All children are equally capable of learning, shaping and expressing themselves, abilities that ultimately determine whether they are free to lead the kind of lives they want to live. Yet a disproportionate number of minorities and economically disadvantaged students in Marin County schools receive an inferior education compared to their more affluent white counterparts.
In West Marin, minority, poor and learning-disabled students coming from Bolinas-Stinson School struggle to seek higher education. Yet the school administration, teachers and board will not acknowledge that exisiting unequal educational outcomes for immigrant, minority and economically disadvantaged students reinforce inequity and oppression in our communities.
Since 2008, county officials, parents and activists have publicly agreed there are significant opportunity gaps at Marin schools with higher proportions of poor and minority students compared to schools in more affluent and white districts. So let’s ask ourselves, when our district spends $31,000 per student—a significant proportion of which is generated from local property tax revenues—why every student, regardless of who they are, does not meet minimum proficiency levels in math and English language. Or why all students in every grade are not measuring a minimum progress of 10 percent per year.
Every student deserves the same quality education in order to have a chance at becoming part of the mainstream workforce rather than servants to the mainstream.
We should ask our school district why it continues to ignore the fact that a core population of these students scores alarmingly low on state and federal testing compared to their white counterparts. There are no minority or bilingual homeroom teachers or administrators at the school; surely this contributes to the poor quality of education—and even the miseducation—of students. Latino parents at our school have stated that they do not consistently receive report card notes from teachers in Spanish, that translators are not consistently present at parent-teacher meetings, and that homework and bilingual tutoring have not been made available to students whose first language is not English. This is despite the fact that the school is financially capable of immediately hiring qualified bilingual tutors to teach math and English during summers and afterschool to assess and teach every student, in every grade.
Our county supervisor, discussing educational disparities in Marin, said, “This is not an unknown problem. This is an unowned problem.” District leaders make excuses about decreasing student enrollment, attributing it to the “housing crisis” when the majority of parents who have removed their children from the school district or have chosen not to enroll there still live here or own homes in Bolinas and Stinson Beach.

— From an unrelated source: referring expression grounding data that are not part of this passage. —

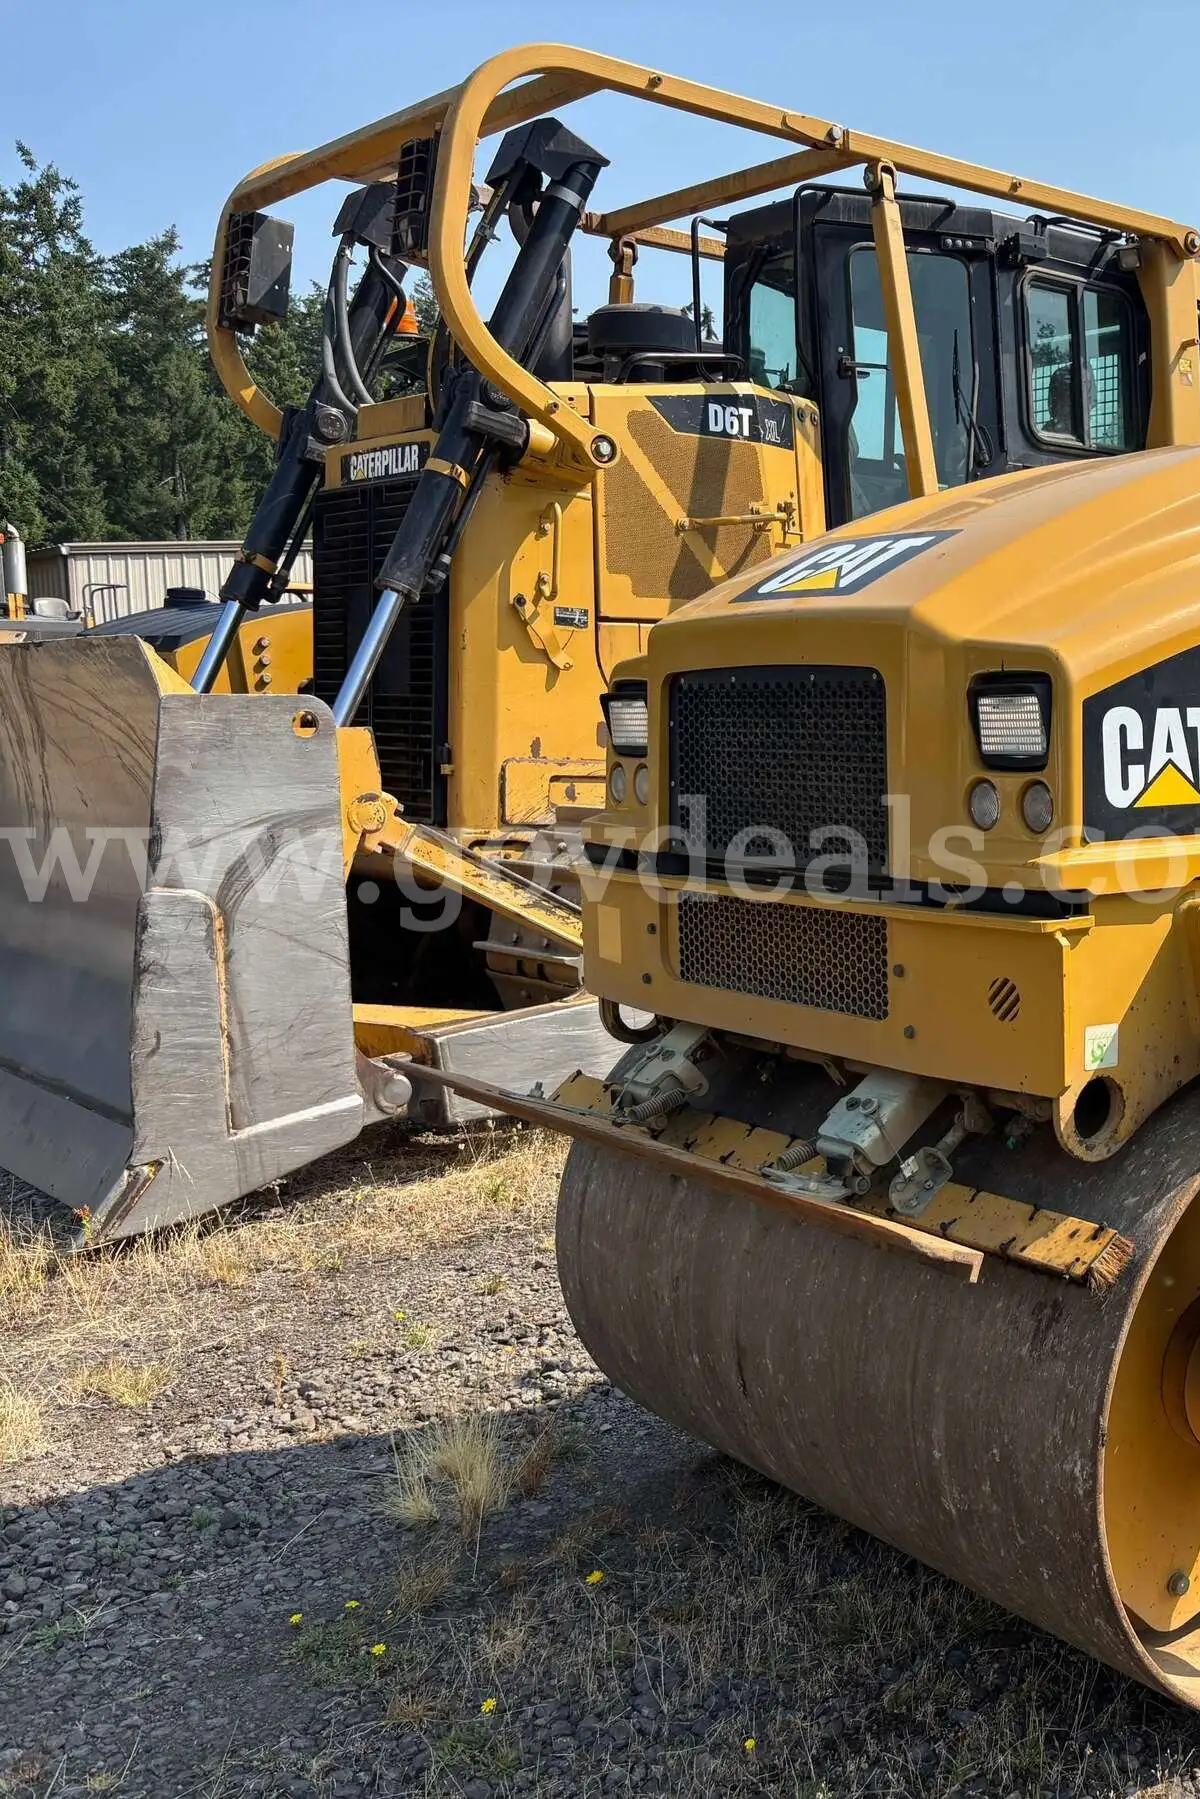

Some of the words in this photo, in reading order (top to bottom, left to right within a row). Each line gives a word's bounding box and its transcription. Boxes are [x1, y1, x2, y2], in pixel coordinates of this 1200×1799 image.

[708, 402, 753, 437] D6T
[349, 443, 419, 481] CATERPILLAR
[757, 535, 936, 594] CAT
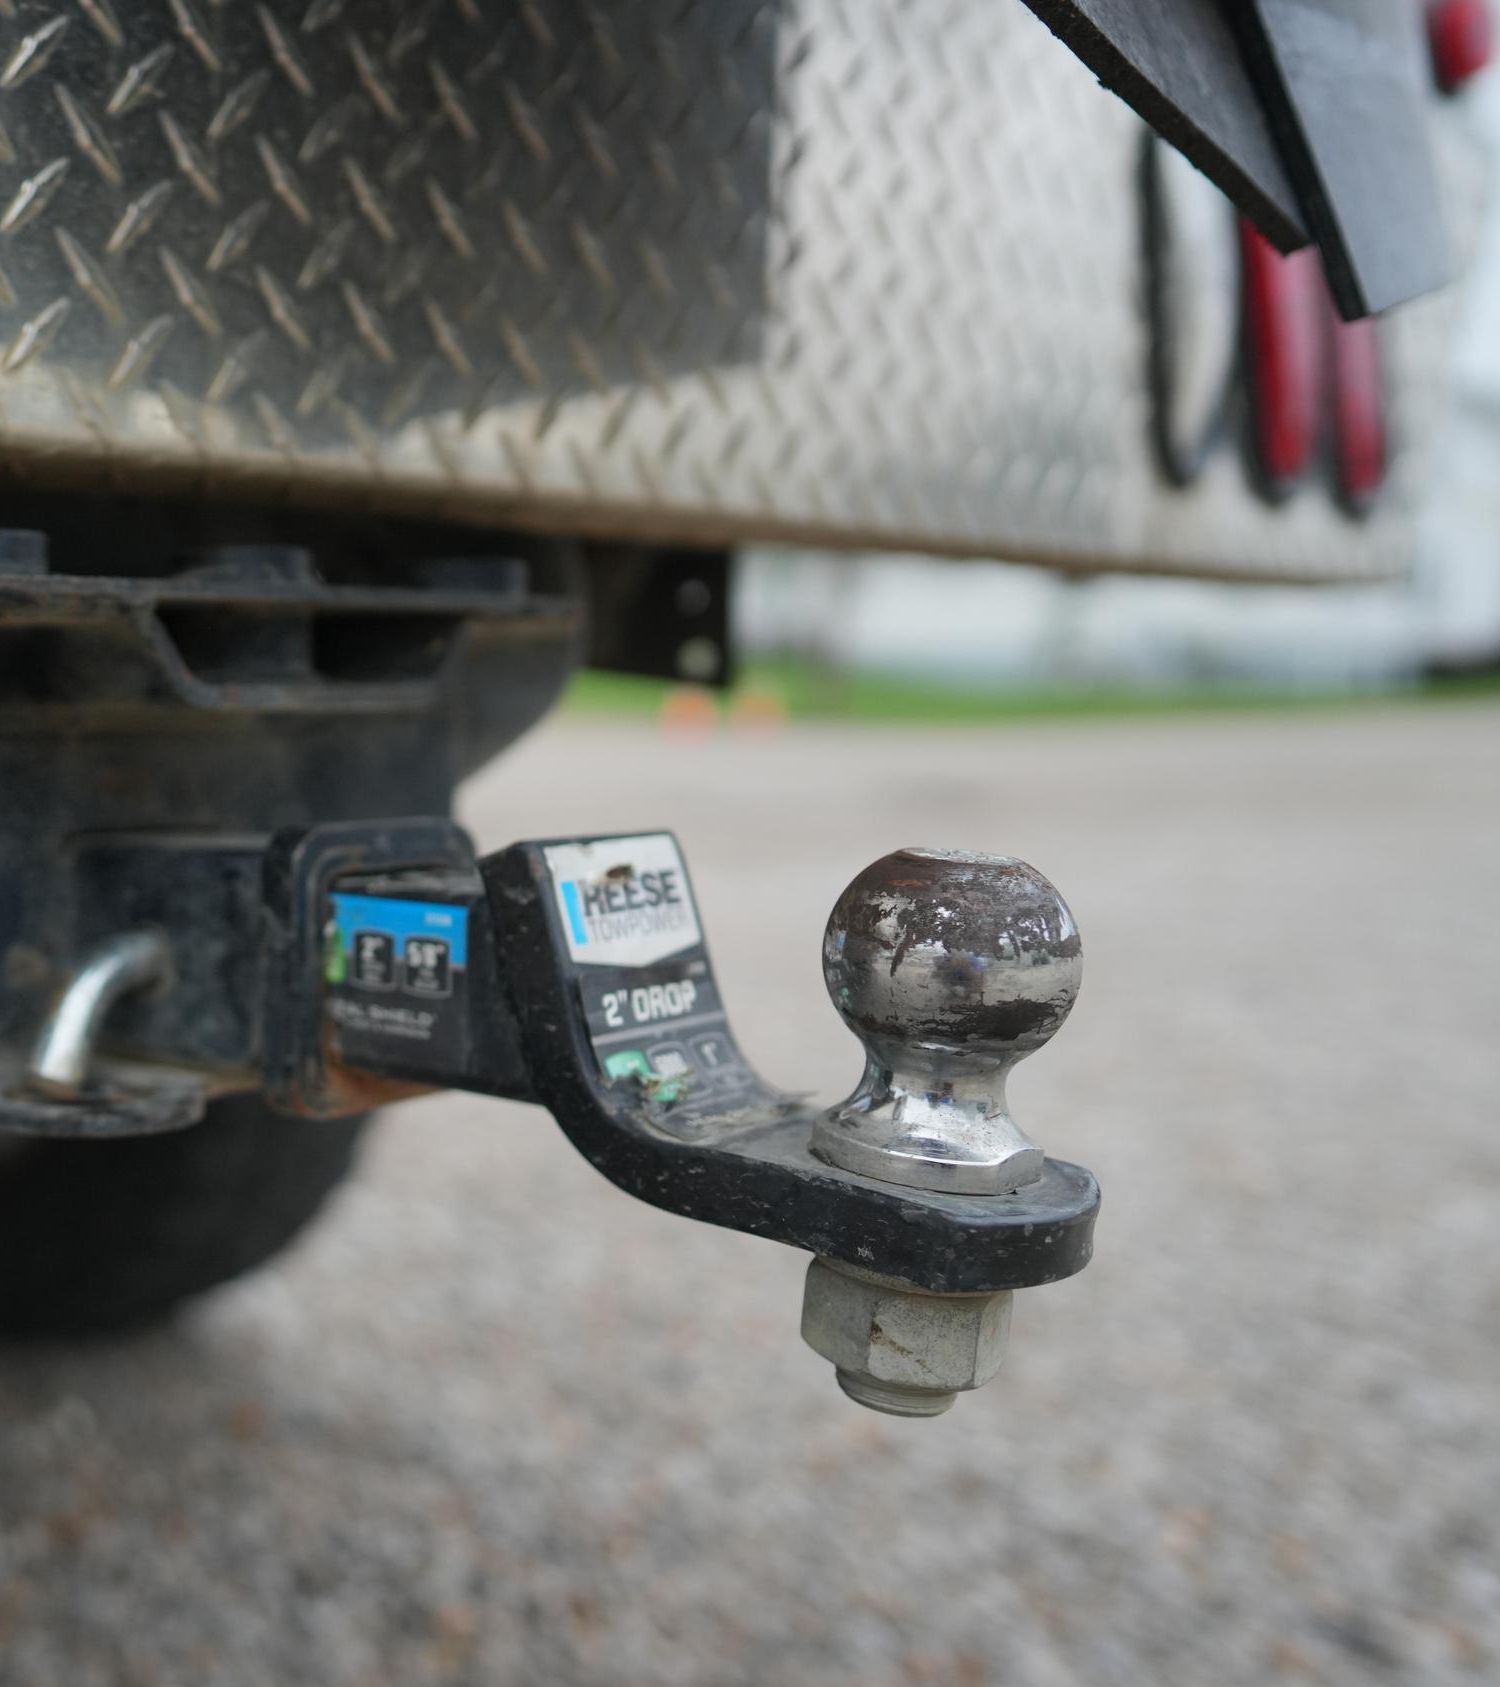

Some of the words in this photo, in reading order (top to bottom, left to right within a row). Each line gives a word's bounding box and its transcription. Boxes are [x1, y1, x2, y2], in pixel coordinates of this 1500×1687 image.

[579, 869, 682, 918] REESE
[586, 908, 690, 945] TOWPOWER
[601, 989, 629, 1028] 2"
[631, 979, 698, 1022] DROP
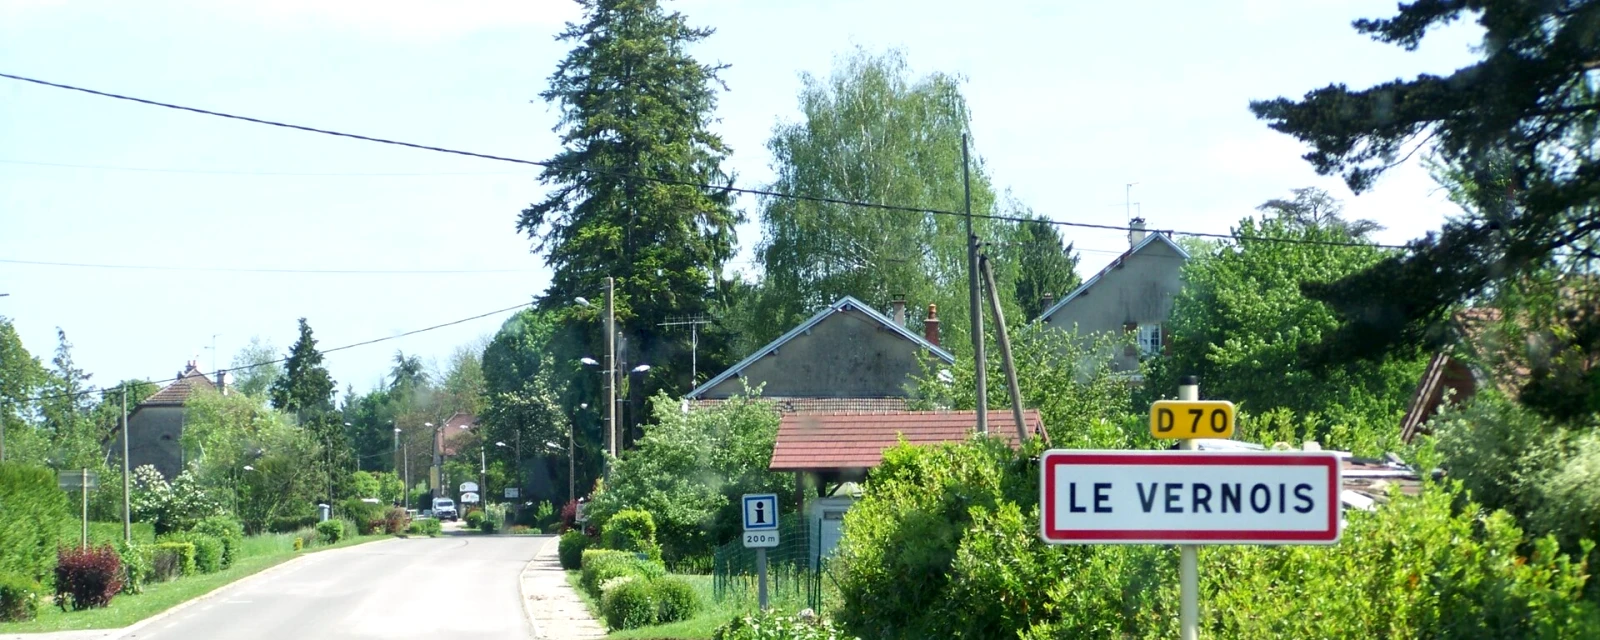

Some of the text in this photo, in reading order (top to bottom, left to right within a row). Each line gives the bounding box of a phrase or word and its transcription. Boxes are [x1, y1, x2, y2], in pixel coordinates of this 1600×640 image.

[1157, 407, 1228, 433] D 70
[1069, 482, 1315, 514] LE VERNOIS
[747, 535, 766, 543] 200
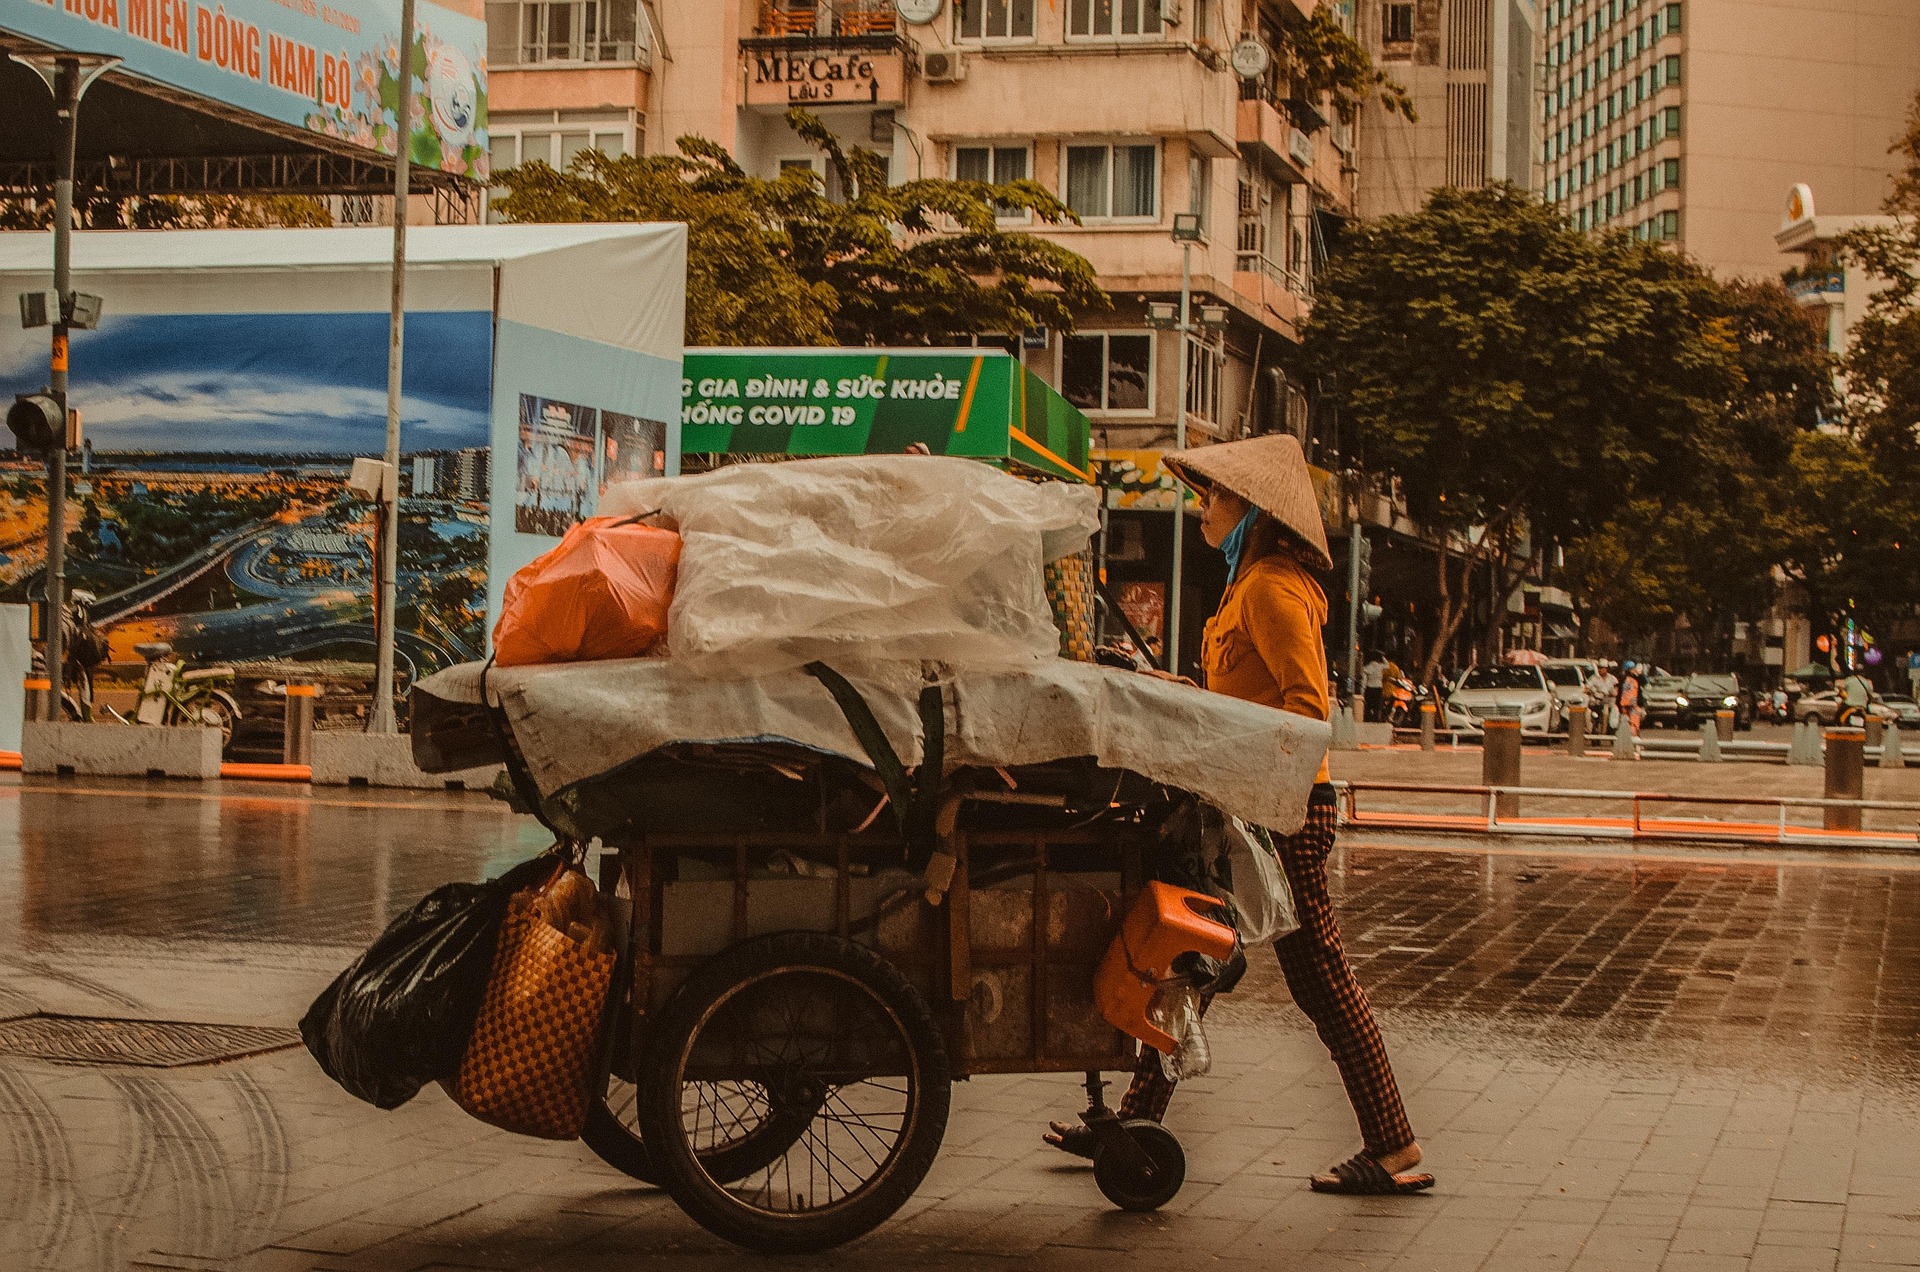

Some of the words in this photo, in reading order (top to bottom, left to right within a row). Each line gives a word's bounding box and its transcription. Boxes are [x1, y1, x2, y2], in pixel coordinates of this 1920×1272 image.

[197, 4, 261, 81] ĐÔNG
[268, 33, 316, 99] NAM
[823, 82, 834, 99] 3
[698, 378, 740, 398] GIA
[745, 373, 809, 399] ĐÌNH
[812, 378, 831, 399] &
[835, 374, 887, 399] SỨC
[890, 372, 962, 400] KHỎE
[748, 404, 826, 426] COVID
[831, 405, 857, 426] 19

Let’s stop pretending our children are being equally educated in our communities. It is time to acknowledge the imbalance of resources and opportunities in every region of this county. It is unacceptable that our school board and administration continue to divide our district between those families that can “get out” and seek an education that promotes social and emotional competence and academic excellence, and those less able to do so. And let’s stop “celebrating diversity” through isolated cultural artifacts, holidays, festivals and food, and ask ourselves how Bolinas-Stinson School will pursue a fair and equitable education that sets up every student for success in high school. To celebrate all people means to educate and prepare every child equally.
Tara Evans-Boyce is a mother and resident in Stinson Beach.